After the incredible success of Get Out, Jordan Peele is back with another horror film, very different and not as solid as his debut but just as intriguing and relevant.
The action of Us takes place on the sunny beaches of Santa Cruz. It is there, where summer is best enjoyed in the oceanfront amusement park, that the Wilsons move into their beach house. Adelaide, Lupita Nyong’o (“12 Years a Slave”, “Black Panther”), the mother, is a rather withdrawn woman quietly haunted by childhood traumas.
Her proximity to the beach, where she encountered something she shouldn’t have years ago, revives fears and paranoias that her husband Gabe, Winston Duke (“Black Panther”, “Avengers: Infinity War“) tries as best he can to assuage.
Yet, as the couple and their two children Zora, Shahadi Wright Joseph “The Lion King”, “Hairspray Live!”) and Jason, Evan Alex (“Kidding”, “Mani”) spend their first night in the summer home, the house is suddenly invaded by a family that eerily looks like them. What follows is a struggle to survive amidst cutting revelations and scissor stabbing.
Disappointingly, the film doesn’t work as best it should on a surface level. Besides Adelaide, her doppelgänger, and maybe her son Jason, none of the characters and their relationships are fleshed out enough to make us genuinely care, especially when confronted with their doubles who seem just as hollow as they are.
Similarly, while the mix of horror and humor is a blast when it works well (there is a particularly hilarious scene involving an Alexa-type of device), it also distances the viewers from the stakes. The result is a mixed-bag: the film could have benefited from a tighter pacing and the plot sometimes falls into predictable traps, but the cinematography from Mike Gioulakis (“It Follows”, “Glass“) is hauntingly beautiful, full of images that won’t leave your mind anytime soon, especially when complemented by Michael Abels’ chilling soundtrack (who had previously worked on Get Out).

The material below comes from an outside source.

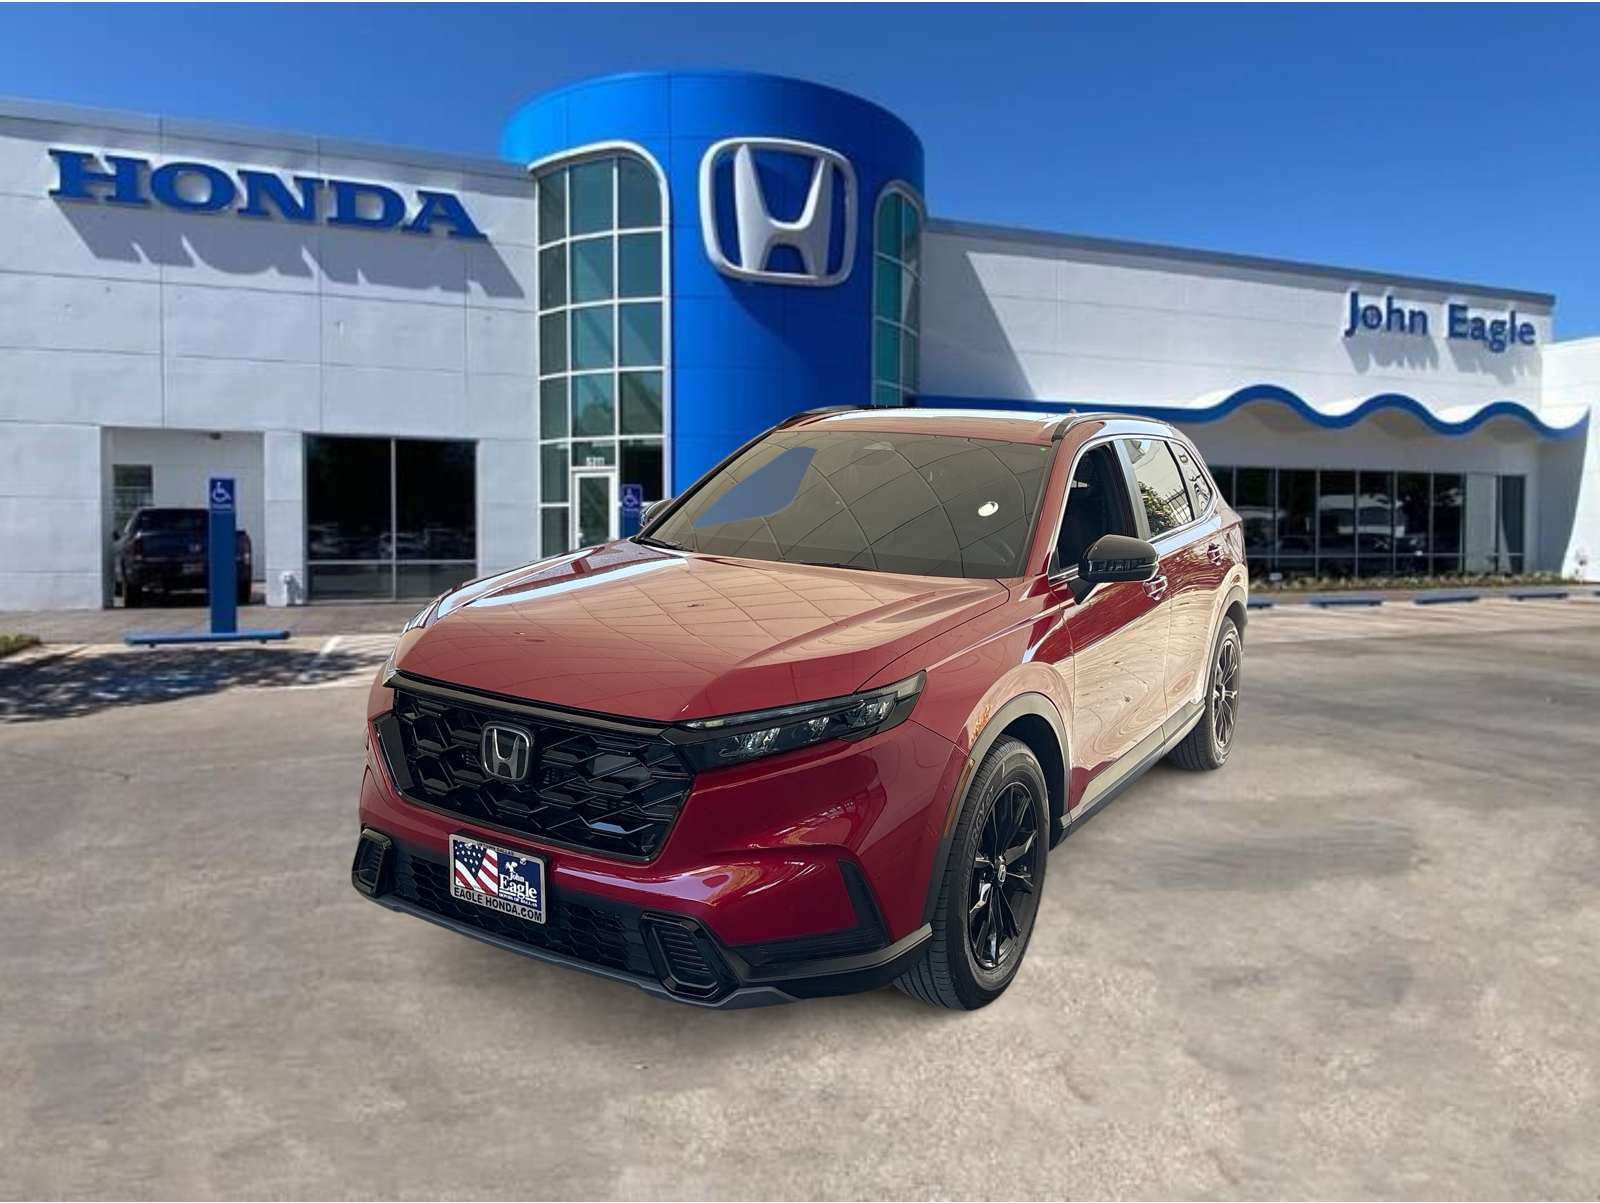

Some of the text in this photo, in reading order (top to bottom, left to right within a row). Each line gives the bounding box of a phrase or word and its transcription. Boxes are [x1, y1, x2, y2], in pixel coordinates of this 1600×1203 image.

The dual performances are another highlight, as each actor plays both their original character and the doubles. The young actors are very impressive and great performances are also put in by Elizabeth Moss (“The Square“, “Mad To Be Normal“) and Tim Heidecker (“Tim and Eric’s Bedtime Stories”, “The Comedy”), the superficial and dysfunctional neighbors of the Wilsons who, just like the Wilsons’ doppelgängers, act as a foil to the main family.
Rising above them all is Lupita Nyong’o, who gives another one of her many Oscar-worthy performances – her voice work for Adelaide’s double is especially noteworthy and one of the most memorable (and scary) part of the film. Us is worth-watching for her alone.
The original concept at the heart of the film is riddled with plot holes and would fall into pieces if scrutinized, but the fears into which it taps and the messages it conveys are, on their part, so very real that Jordan Peele makes it work nevertheless; especially with his attention to details that makes the film incredibly engaging to analyze.
Just like Get Out, the film works best when the social commentary is uncovered; however, unlike Peele’s debut feature, this layer of the film is never clear-cut: Us offers many different interpretations broaching various topics, none of which are fully explained on-screen.
Writing about the themes would inevitably spoil everything, but as many theories predicted, the film is equally about, well, us, than it is about the U.S., with interpretations that cover as much the personal than the national (and international) and that all lead to fascinating and insightful discussions that need to be had.
For this alone, Us is a must-see film regardless of the quality of the storytelling. Although I was unimpressed and disappointed after my screening, the film hasn’t left my mind for a minute, its many ideas and layers invading my brain at the same time as the horror slowly and eventually crept up on me. After all, isn’t it exactly the trademark of a great and successful psychological horror film?